(Stored entries)
▬▬▬▬▬▬
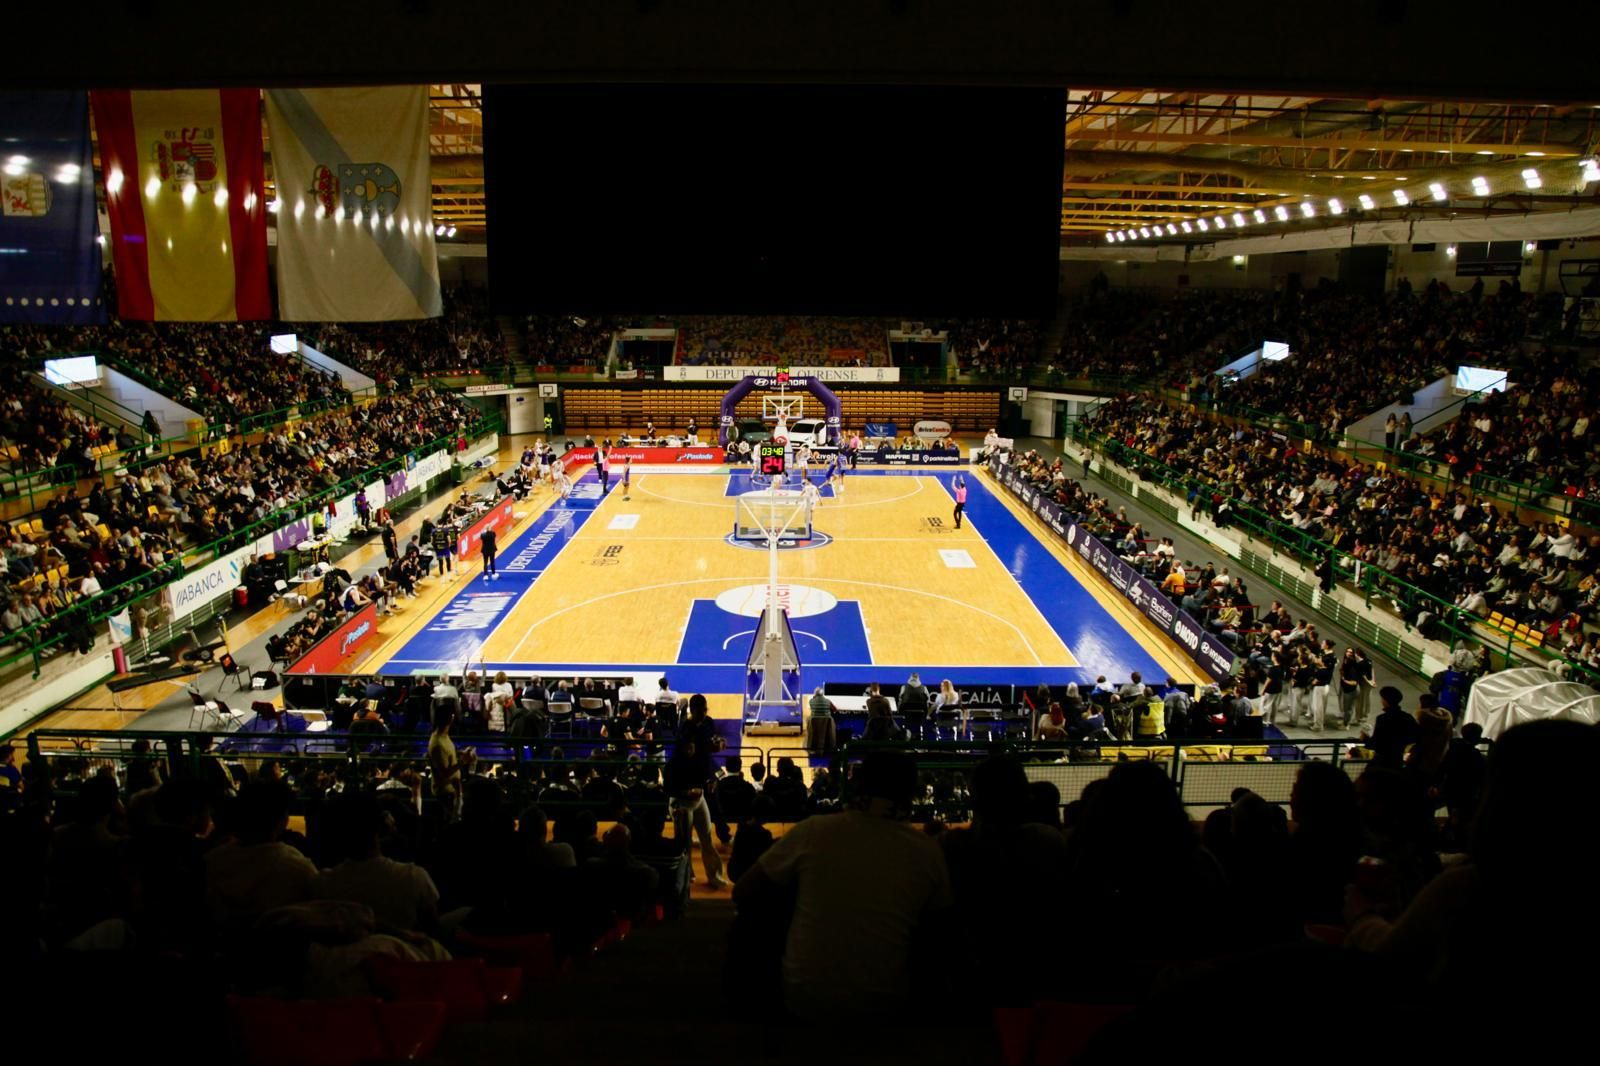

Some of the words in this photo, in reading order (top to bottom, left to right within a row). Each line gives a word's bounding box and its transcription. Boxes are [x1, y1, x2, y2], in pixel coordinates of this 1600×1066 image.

[797, 370, 858, 381] OURENSE
[762, 447, 783, 456] 03:48
[763, 457, 783, 473] 24
[179, 571, 224, 606] ABANCA
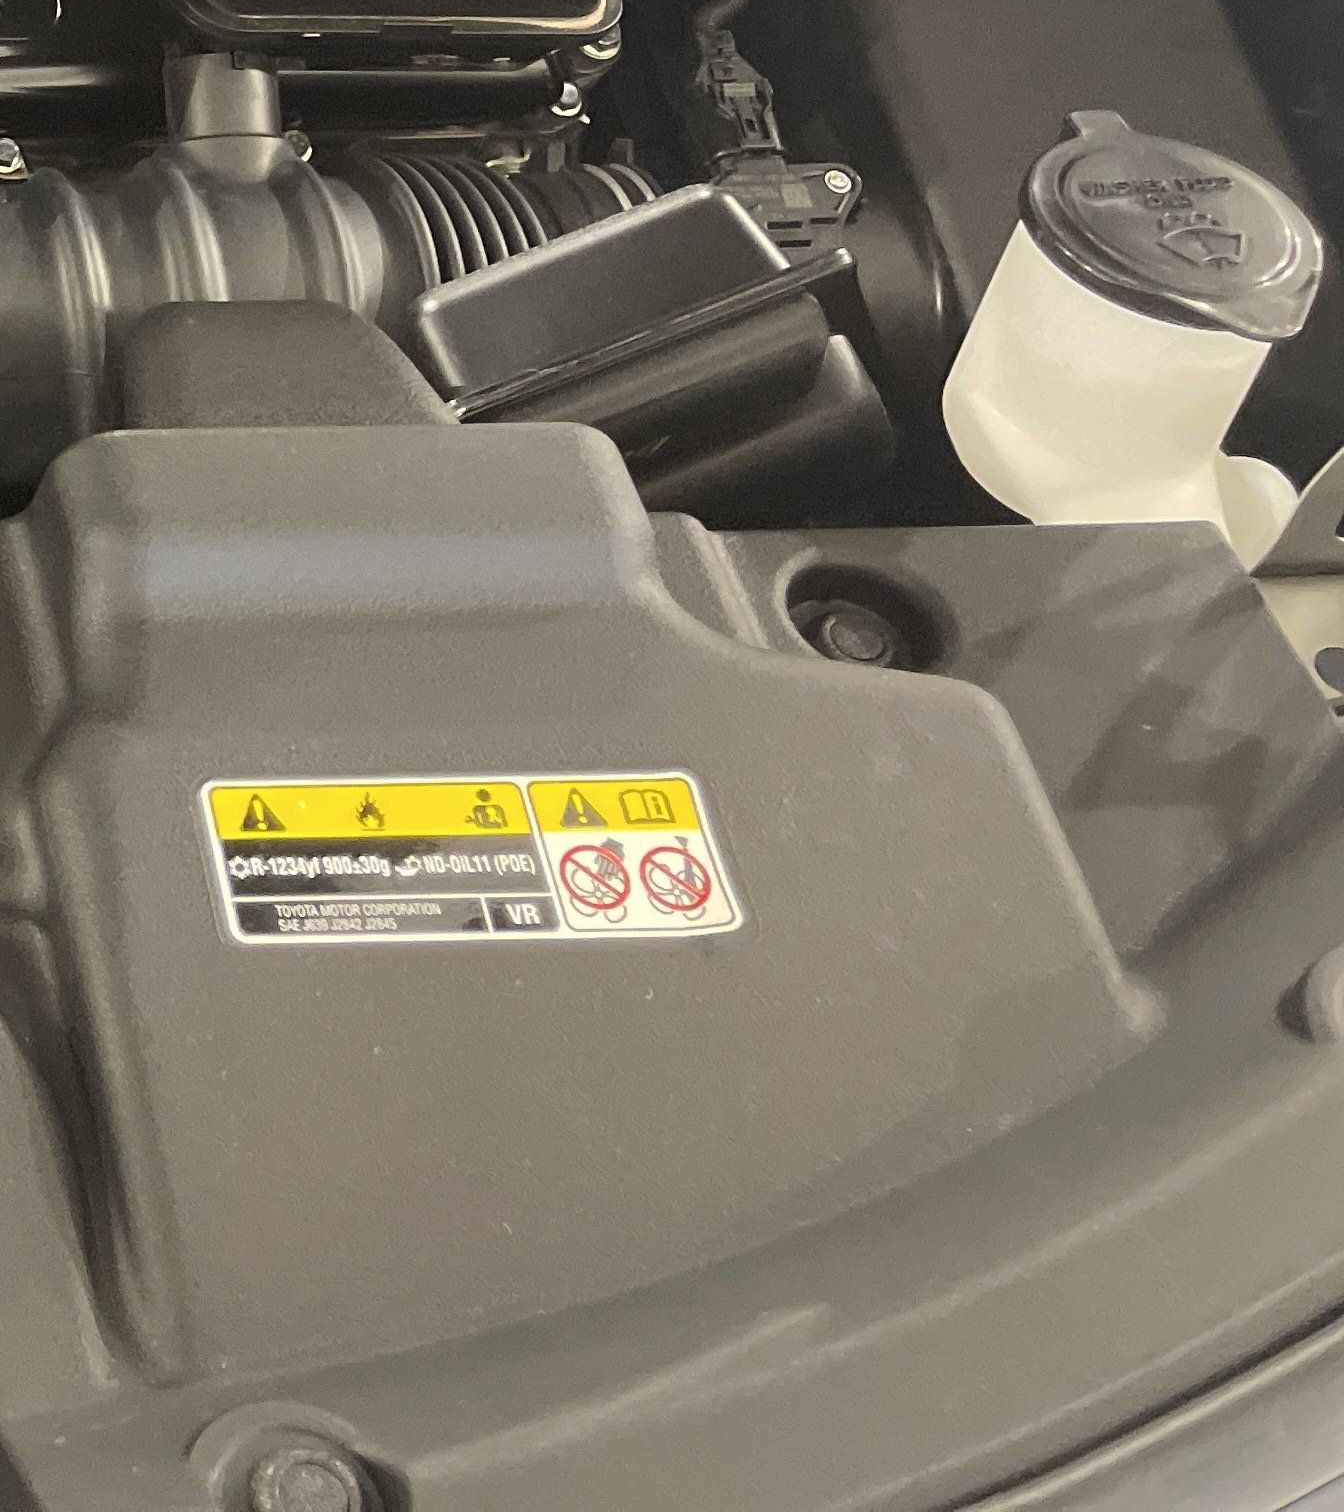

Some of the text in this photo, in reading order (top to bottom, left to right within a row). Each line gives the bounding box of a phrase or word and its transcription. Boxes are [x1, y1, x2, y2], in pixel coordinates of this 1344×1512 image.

[249, 854, 537, 879] R-1234yf 900±30g ND-OIL11 (POE)
[274, 902, 442, 918] TOYOTA MOTOR CORPORATION
[504, 902, 542, 926] VR
[277, 918, 302, 932] SAE
[302, 918, 329, 931] J639
▬▬▬▬▬▬
▶ [TASK INSTRUCTIONS] Your task is an exact printout of the records above, with no pictures.

▶ [RESULT BELOW]
Some of the words in this photo, in reading order (top to bottom, left to right within a row). Each line gives a word's bounding box and its transcription. Boxes are [x1, y1, x2, y2], in pixel coordinates of this 1600×1066 image.

[797, 370, 858, 381] OURENSE
[762, 447, 783, 456] 03:48
[763, 457, 783, 473] 24
[179, 571, 224, 606] ABANCA

Some of the text in this photo, in reading order (top to bottom, left to right within a row). Each line gives the bounding box of a phrase or word and its transcription. Boxes are [x1, y1, x2, y2], in pixel coordinates of this 1344×1512 image.

[249, 854, 537, 879] R-1234yf 900±30g ND-OIL11 (POE)
[274, 902, 442, 918] TOYOTA MOTOR CORPORATION
[504, 902, 542, 926] VR
[277, 918, 302, 932] SAE
[302, 918, 329, 931] J639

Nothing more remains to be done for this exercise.